Summer 2009. A double bat mitzvah. Two sisters. We know their parents well, so we’re there in the temple for the full ceremony. Can’t just waltz in later for the reception. No sir, we’re sitting through the entire ceremony. In Hebrew. Must be a conservative congregation.
I hope they see us here.
I have no idea what they are saying, but that’s okay. It’s so rare that I feel this disoriented that I’m liking the novelty. This must be how I felt when I was three years old sitting in church. A back to the future moment.
I’m liking my borrowed yarmulke a lot less. It sits uneasily on my head. Other men’s seem to be cemented in place. Some use pins, others may actually use cement. Mine just drifts.
It’s not helping that I have a headache. And a neck ache. All those micro-movements needed to keep the yarmulke in place, shielding the top of my skull from the Hebrew god, who apparently cannot bear to see a middle-aged man’s monk spot, are just making it worse.
And then everyone stands, so I stand too, and my head explodes. Not literally, but that’s how it feels. It’s like my head is filled to the brim with a highly toxic fluid, and any movement causes some to spill and burn a path of destruction through my brain.

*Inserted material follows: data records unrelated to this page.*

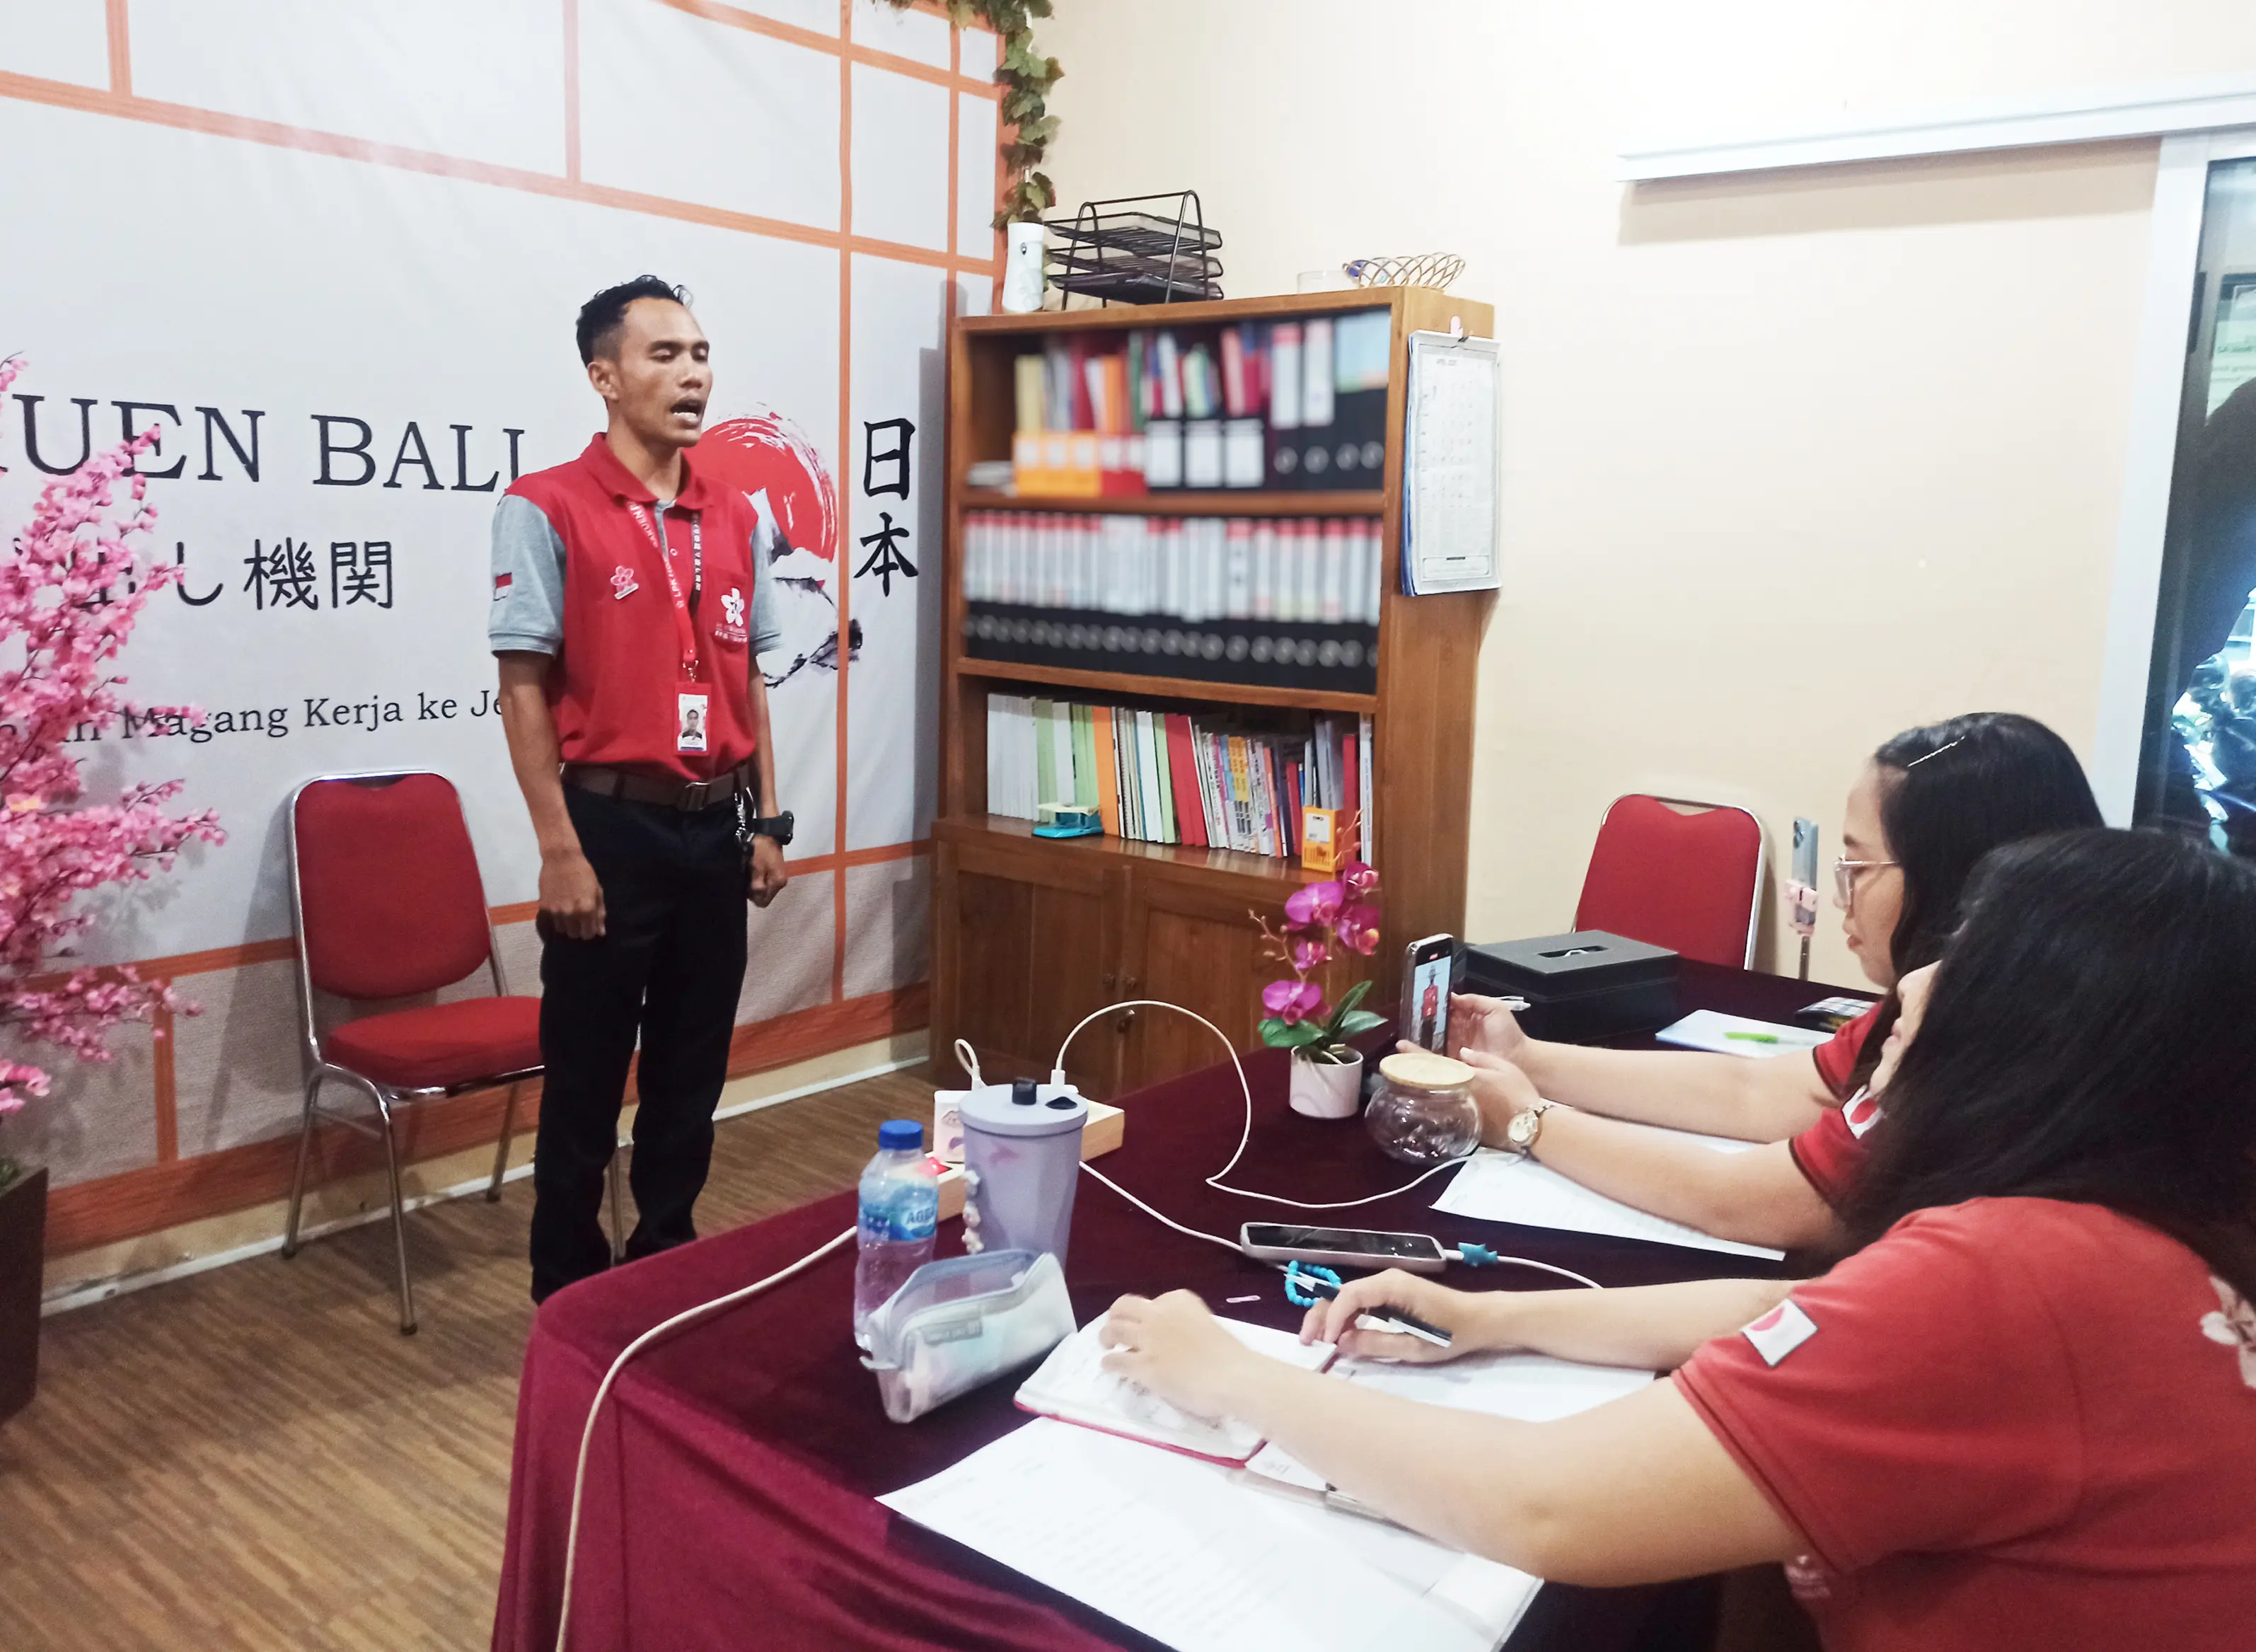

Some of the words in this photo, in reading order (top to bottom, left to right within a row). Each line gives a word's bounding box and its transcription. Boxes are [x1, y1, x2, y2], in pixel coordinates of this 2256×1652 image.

[0, 394, 265, 483] UEN
[311, 414, 525, 492] BALI
[853, 417, 919, 597] 日本
[122, 705, 289, 744] Magang
[303, 695, 403, 732] Kerja
[417, 692, 457, 720] ke
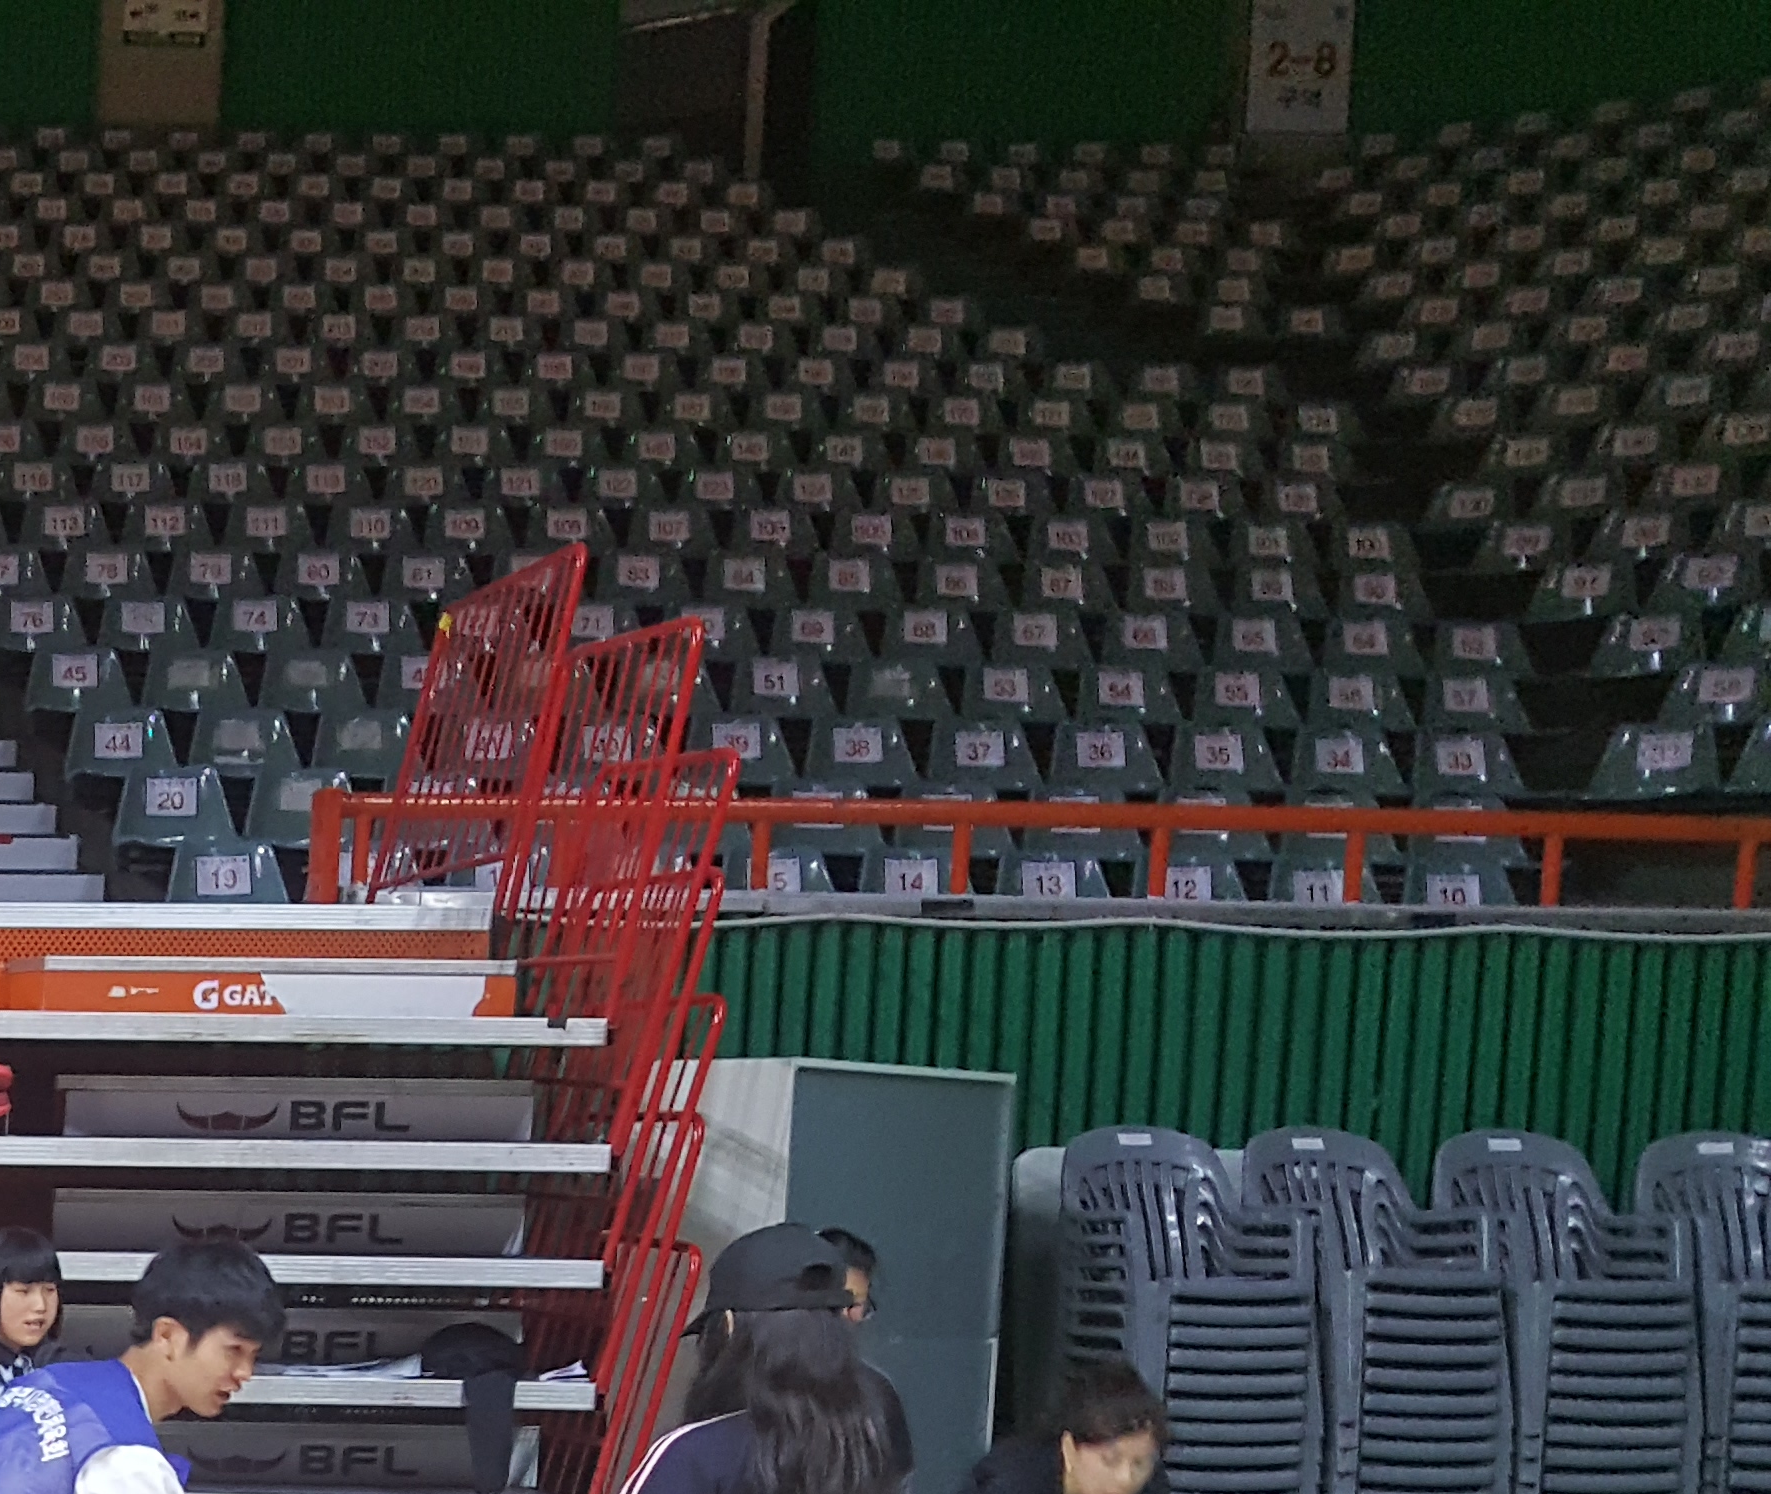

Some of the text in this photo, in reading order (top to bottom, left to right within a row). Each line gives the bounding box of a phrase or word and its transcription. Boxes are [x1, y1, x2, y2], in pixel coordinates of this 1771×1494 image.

And then we sit and more toxic fluid sluices around in my head, searing more paths of pain.
This is really hurting.
And then the yarmulke slides off my head and hits the floor. Mortified lest the Hebrew god smite me and my exposed monk spot down, I lean down to get it and nearly black out from the excruciating pain. This must be what smiting feels like.
Bathed in cold sweat, desperate to avoid any more head movements, I spend the rest of the ceremony ignoring the ceremony, and the congregation, and the standing and sitting, and the Hebrew god, as I just sit there sweating with my head cradled in my hands.
Afterwards I implored my wife to take me home. It was mid-afternoon, but I headed straight for bed, pulled a pillow over my head, and slept the next 16 hours.
When I awoke, the headache was gone.
What the hell had just happened?
I spent much of the next two years trying to answer this question.
Writing about illness and writing about not writing are two of the most tedious topics to read. And that's precisely what I propose to do. You've been warned.
Somehow I don't think your writing will be tedious. Even if it is, I'll read every word--first, because I always read every word that's posted here, and second, because you've piqued my curiosity about the illness.
I hope you are well now. You've been missed.